Pani Janka jest twórczynią profilu @swiat_janki na Instagramie. W świecie opanowanym przez gorące, zmieniające się cały czas trendy i nowości, to bezpieczna przystań dla każdego, kto tęskni za swoją babcią i jej niezapomnianą kuchnią. Seniorka jest prababcią 10-letniego szczęśliwca, który śmietankową piankę wręcz ubóstwia. Z takiego deseru ucieszą się też letni solenizanci i jubilaci - latem, gdy nikomu nie chce się piec, będzie w sam raz. Jest leciutki i orzeźwiający. Przypomnij go sobie razem z nią.
Jak zrobić piankę z galaretką jak za PRL?
Pani Janka mówi na ten deser leguminka. Kiedyś, jeszcze w okresie międzywojennym, tym mianem określano wszystkie desery, a szczególnie te o konsystencji dobrze ściętego puddingu, który daje się pokroić. Taką konsystencję ma też „leguminka” Pani Janki. Dla niektórych legumina oznacza też dobrze ściętą kaszę manną ugotowaną na mleku, która następnie zastyga, przybierając kształt naczynia w którym się znajduje. Taką specyficzną „babkę” wyciąganą z większej miski na półmisek, w stronach rodzinnych mojej mamy (na Kaszubach) podawano z sosem jagodowym i nazywano właśnie leguminą - a było to 70 lat temu.
Pani Janka leguminką nazywa śmietankową piankę z galaretką. Od włoskiej panna cotty różni się m.in. tym, że zawiera ona żelatynę z galaretki, podczas gdy włoska odmiana tego deseru tężeje na zwykłej żelatynie bez smakowych dodatków. Taki deser był stale obecny w książkach kucharskich i na stołach w domach za czasów PRL.

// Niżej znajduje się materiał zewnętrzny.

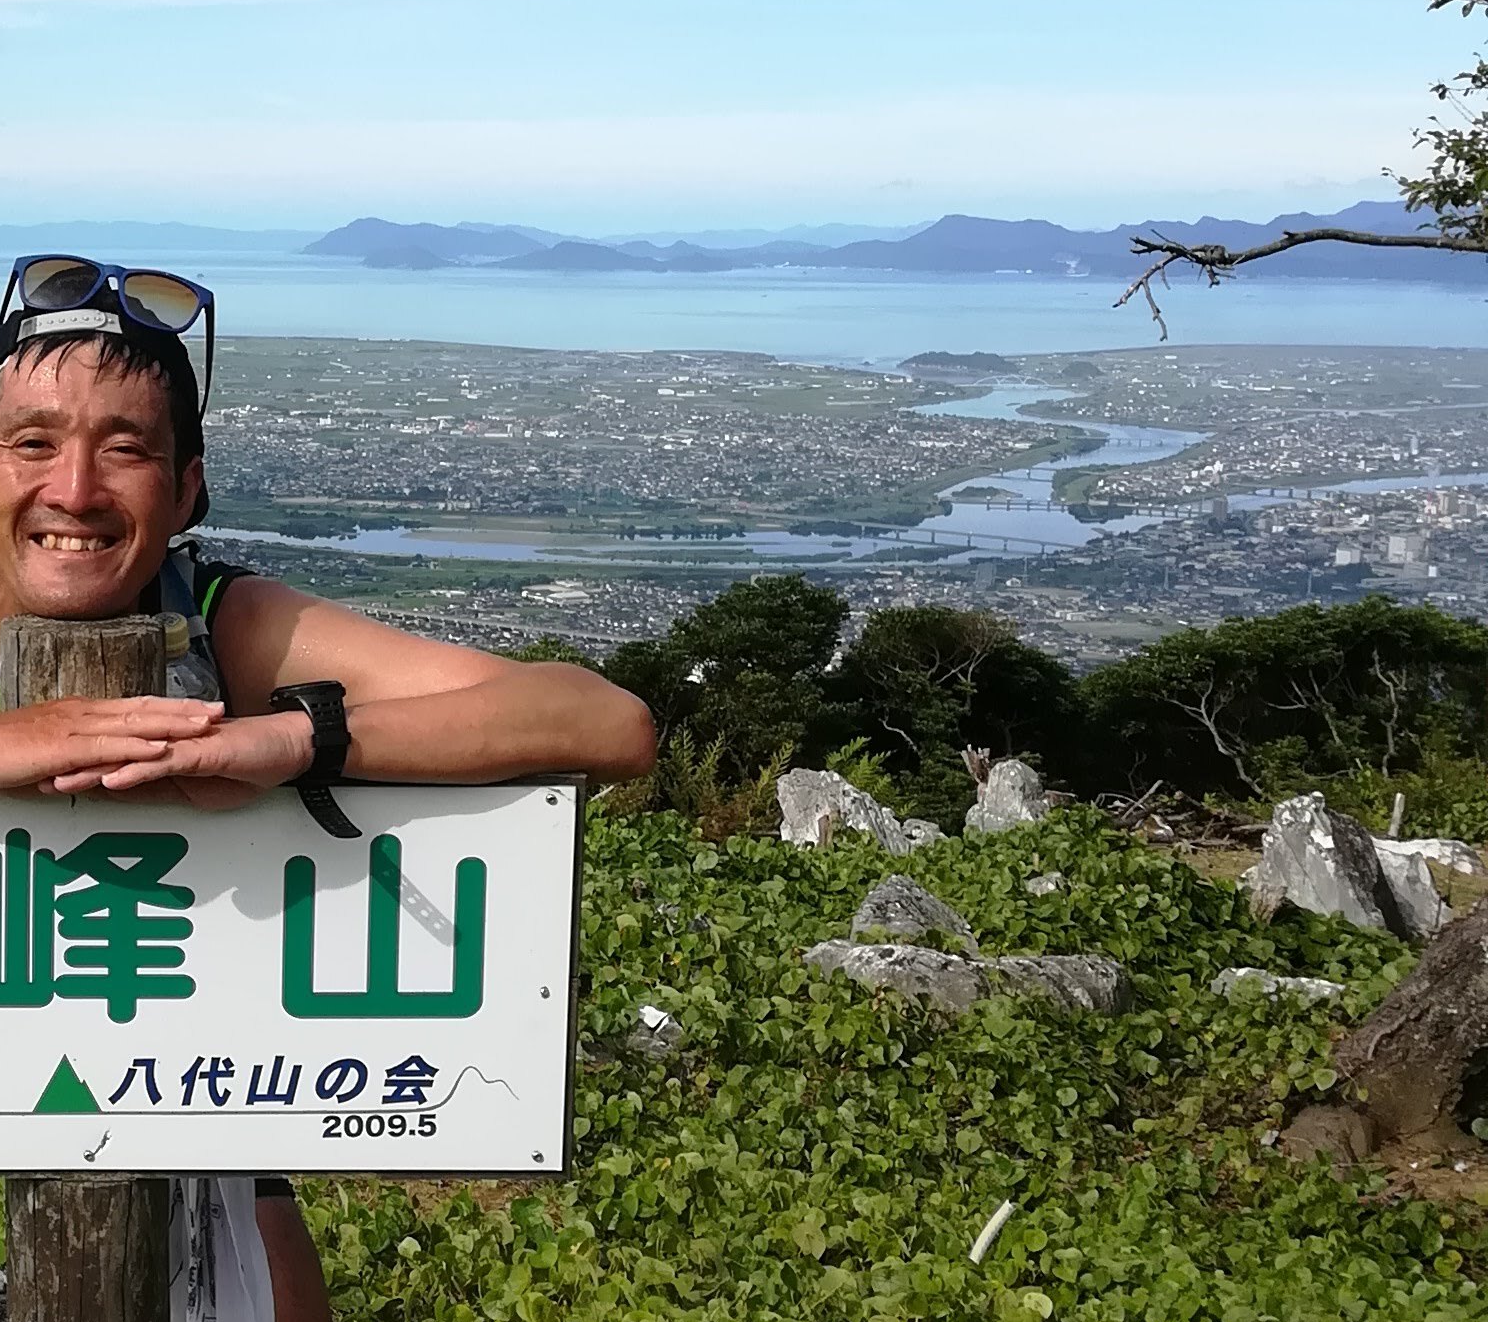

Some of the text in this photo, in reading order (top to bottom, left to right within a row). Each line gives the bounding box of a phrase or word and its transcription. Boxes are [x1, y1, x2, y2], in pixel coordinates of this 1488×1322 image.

[108, 1054, 441, 1108] 八代山の会
[322, 1113, 438, 1139] 2009.5
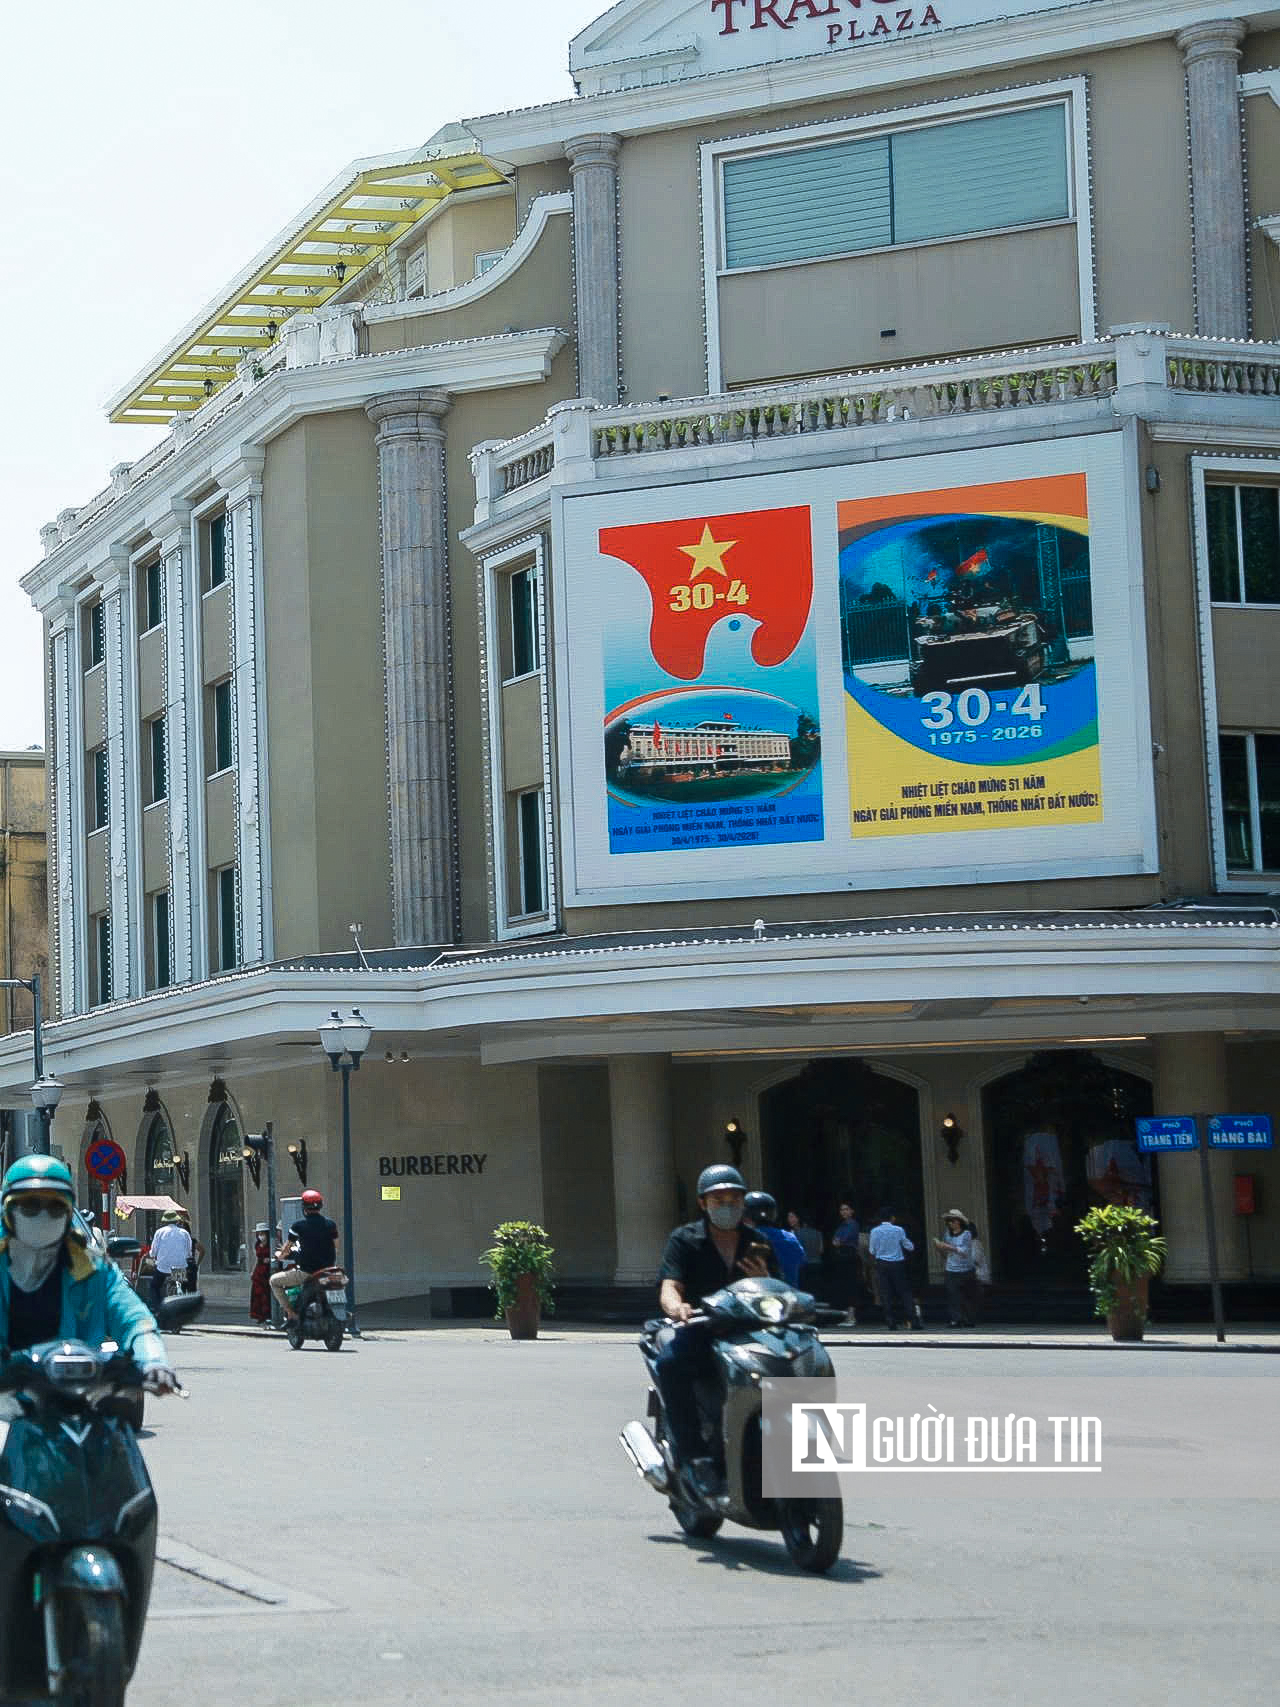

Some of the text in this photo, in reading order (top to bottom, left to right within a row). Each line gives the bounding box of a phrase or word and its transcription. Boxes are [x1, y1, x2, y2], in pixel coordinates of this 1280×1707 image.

[711, 0, 898, 35] TRA
[826, 4, 941, 45] PLAZA
[669, 579, 750, 613] 30-4
[920, 683, 1047, 729] 30-4
[901, 774, 1046, 800] NHIỆT LIỆT CHÀO MỪNG 51 NĂM
[853, 806, 878, 823] NGÀY
[880, 802, 899, 820] GIẢI
[901, 804, 932, 820] PHÓNG
[987, 795, 1018, 813] THỐNG
[1021, 793, 1046, 811] NHẤT
[379, 1153, 487, 1176] BURBERRY
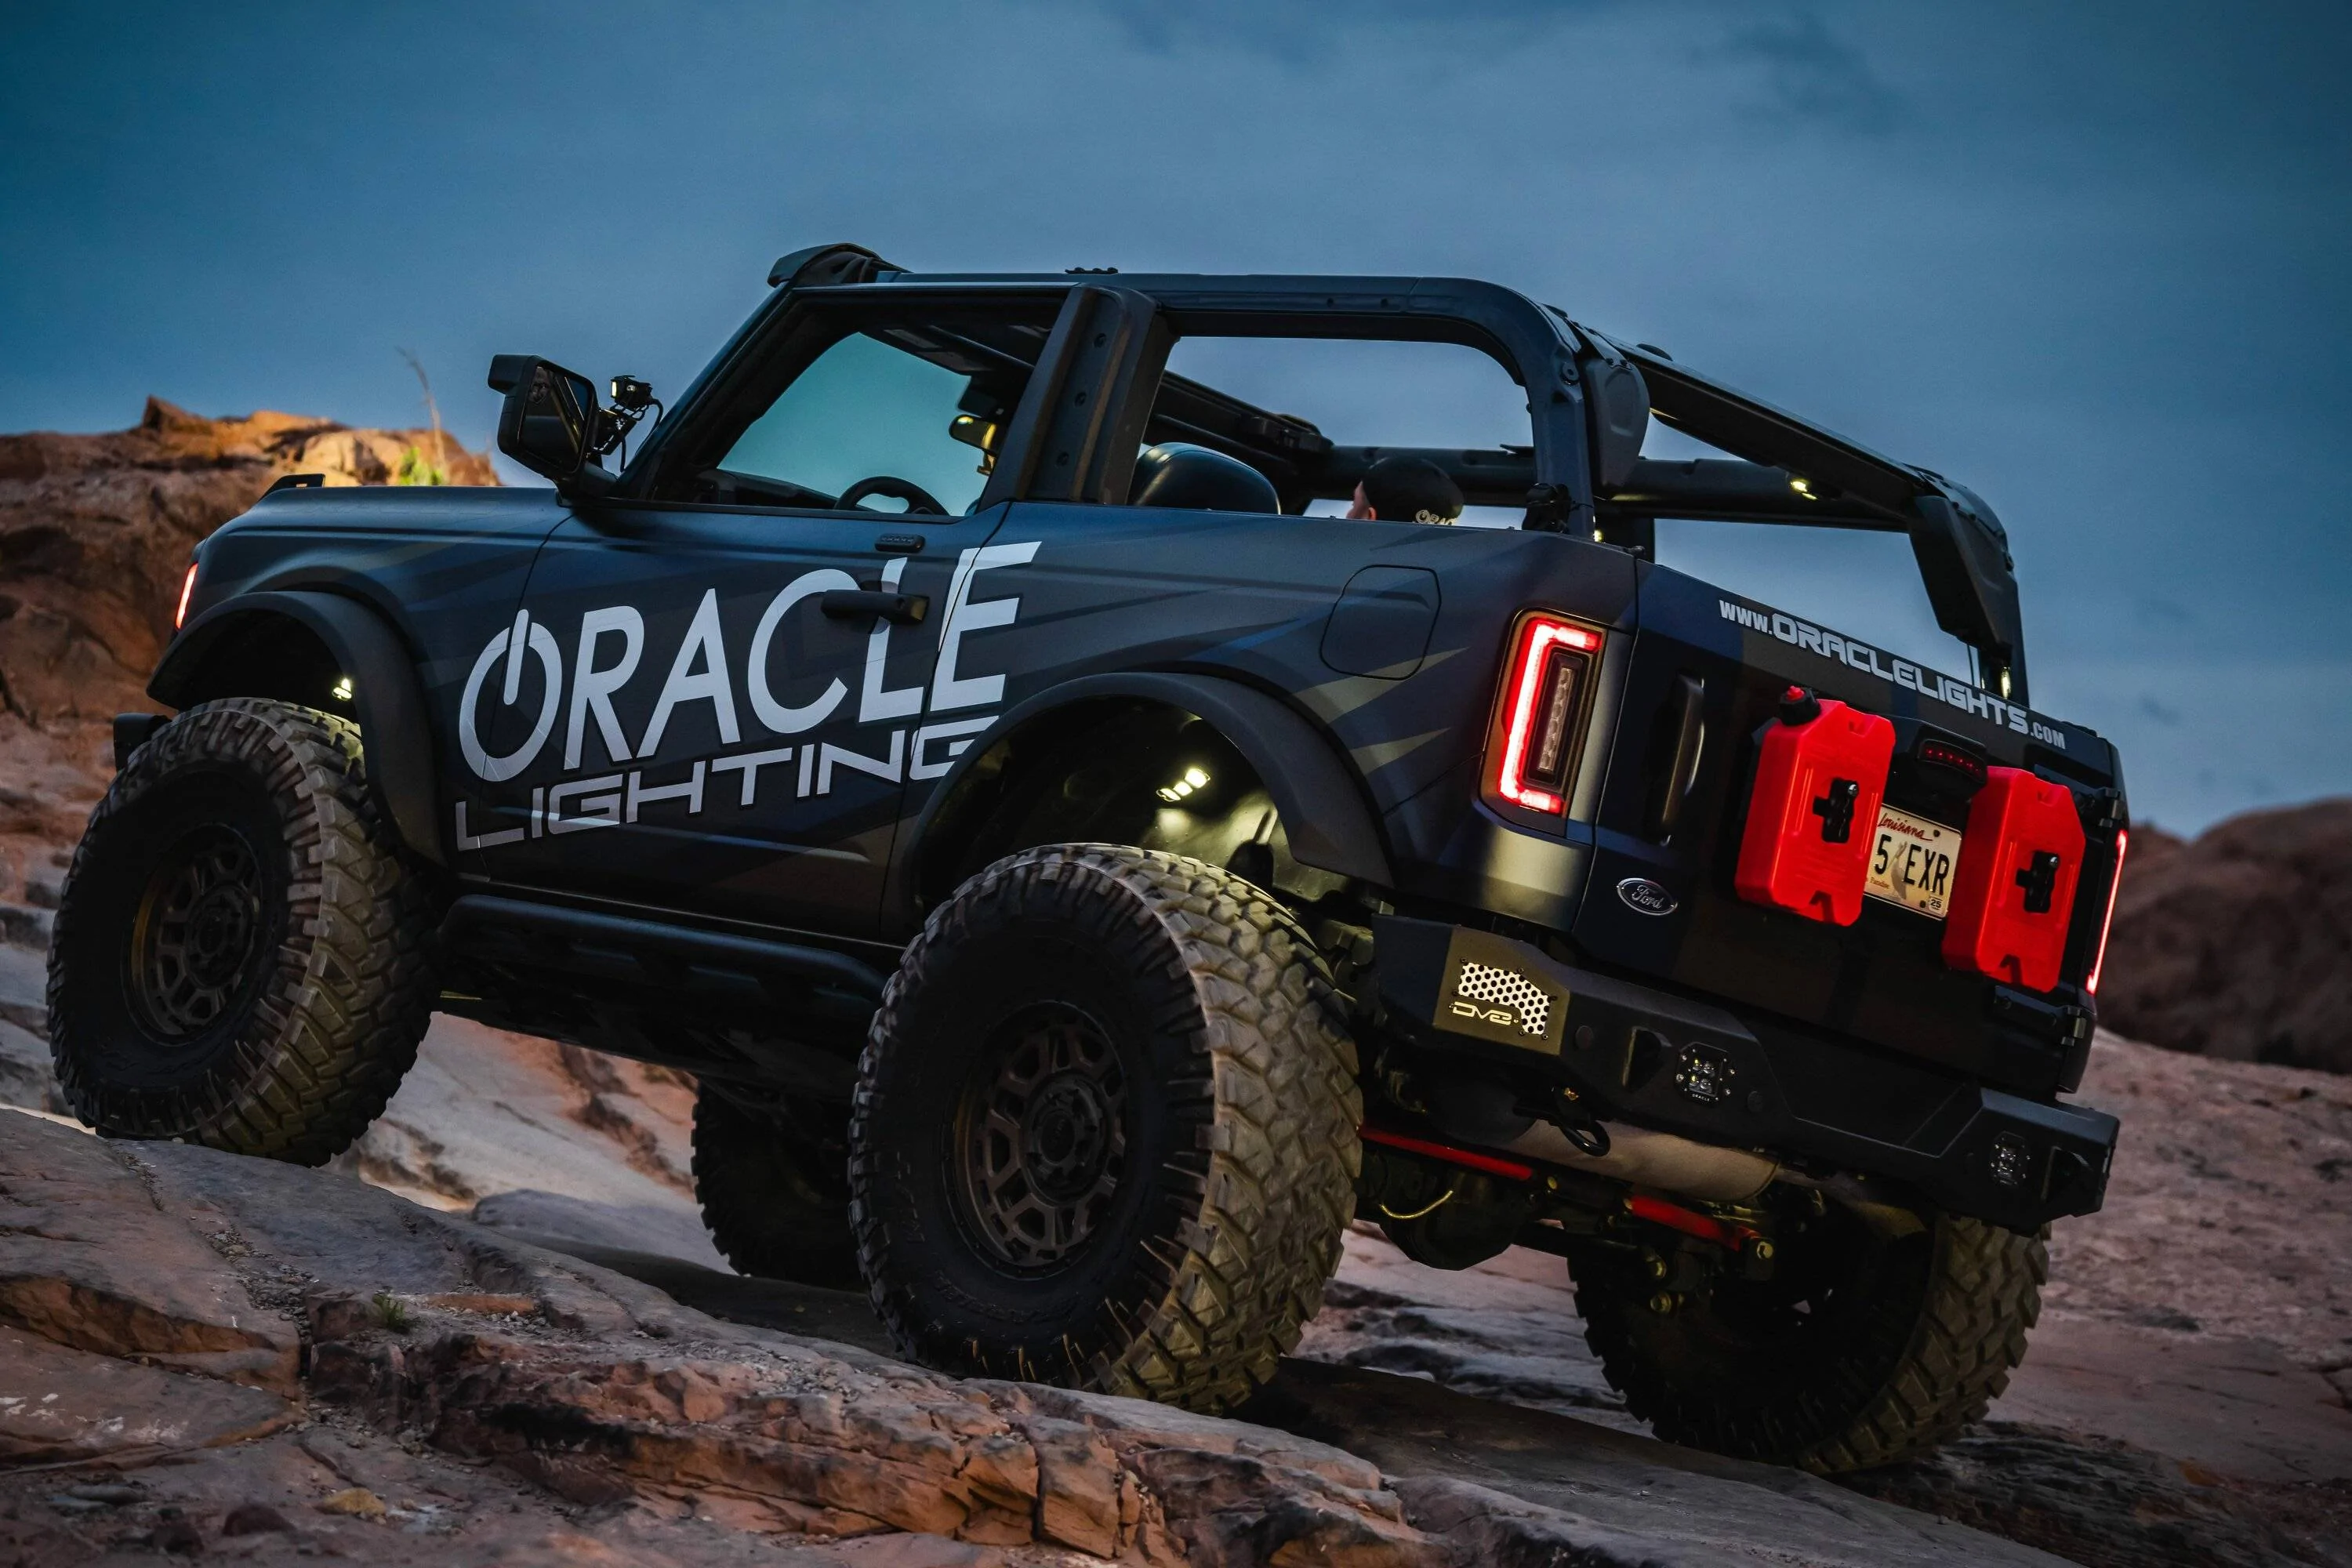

Wystarczy przygotować nieco gęstszą niż zwykle galaretkę (3 opakowania na 1 litr wody) i po przestudzeniu wlać ją do ubitej śmietanki z 2 dodatkami - odrobiną soli, która pomaga ubić się śmietance, i cukrem. Deser można już zostawić w tej formie do zastygnięcia, a ozdobić owocami i np. musem owocowym potem. Instagramerka radzi, by wyłożyć jeszcze na wierzch owoce i zalać całość kolejnymi 2 galaretkami.
Getty/iStock VASYL MYKHAILENKO
Aby szybciej były gotowe do zalania, możesz włożyć ostrożnie miskę z galaretką do większego garnka z zimną wodą lub przykryć miskę i wystawić na parapet lub balkon, gdy jest chłodno - tak robiły nasze babcie. Więcej pomysłów, deserowych trików i rodzinnych przepisów, w tym na święta i inne ważne imprezy, znajdziesz na naszym kanale messenger - MojeGotowanie.pl. Codziennie publikujemy tam 2 posty z propozycjami smakowitych dań, w tym z dawnych lat - takich jak ta śmietankowa pianka. Już nigdy nie będziesz mieć problemu, co zrobić na deser czy obiad.
Przepis na śmietankową piankę z galaretką Pani Janki
Składniki:
- 5 opakowań galaretki o ulubionym smaku + 1 litr wody
- 2 opakowania po 200 g śmietanki 30%
- 1 szczypta soli
- 1 łyżeczka cukru
- kawałki ulubionych owoców do ułożenia na wierzchu
Sposób przygotowania:
- Rozpuść 3 opakowania w litrze gorącej wody, wystudź i odczekaj, aż zacznie tężeć i przestygnie.
- Ubij 2 śmietanki kremówki na sztywno z solą i cukrem.
- Mieszając delikatnie śmietankę, wlewaj do niej jednocześnie galaretkę.
- Włóż do lodówki i odczekaj, aż całość całkowicie stężeje.
- W międzyczasie przygotuj 2 kolejne galaretki - wg wskazówek na opakowaniu. Odczekaj, aż przestygnie i zacznie „gęstnieć”.
- Na stężonej piankę z galaretką z lodówki rozłóż owoce, wyłóż łyżką na wierzchu wystudzoną, ale jeszcze nie ściągniętą galaretką.
- Włóż ponownie całość do lodówki na ok. 1-2 godziny, by galaretka zastygła.
Możesz podawać solo lub pójść o krok dalej i zetrzeć na wierzch odrobinę czekolady prosto z lodówki lub posypać piankę kolorowymi lentilkami. Dobrym pomysłem będzie też wtopienie ich w galaretkę - wierzch deseru.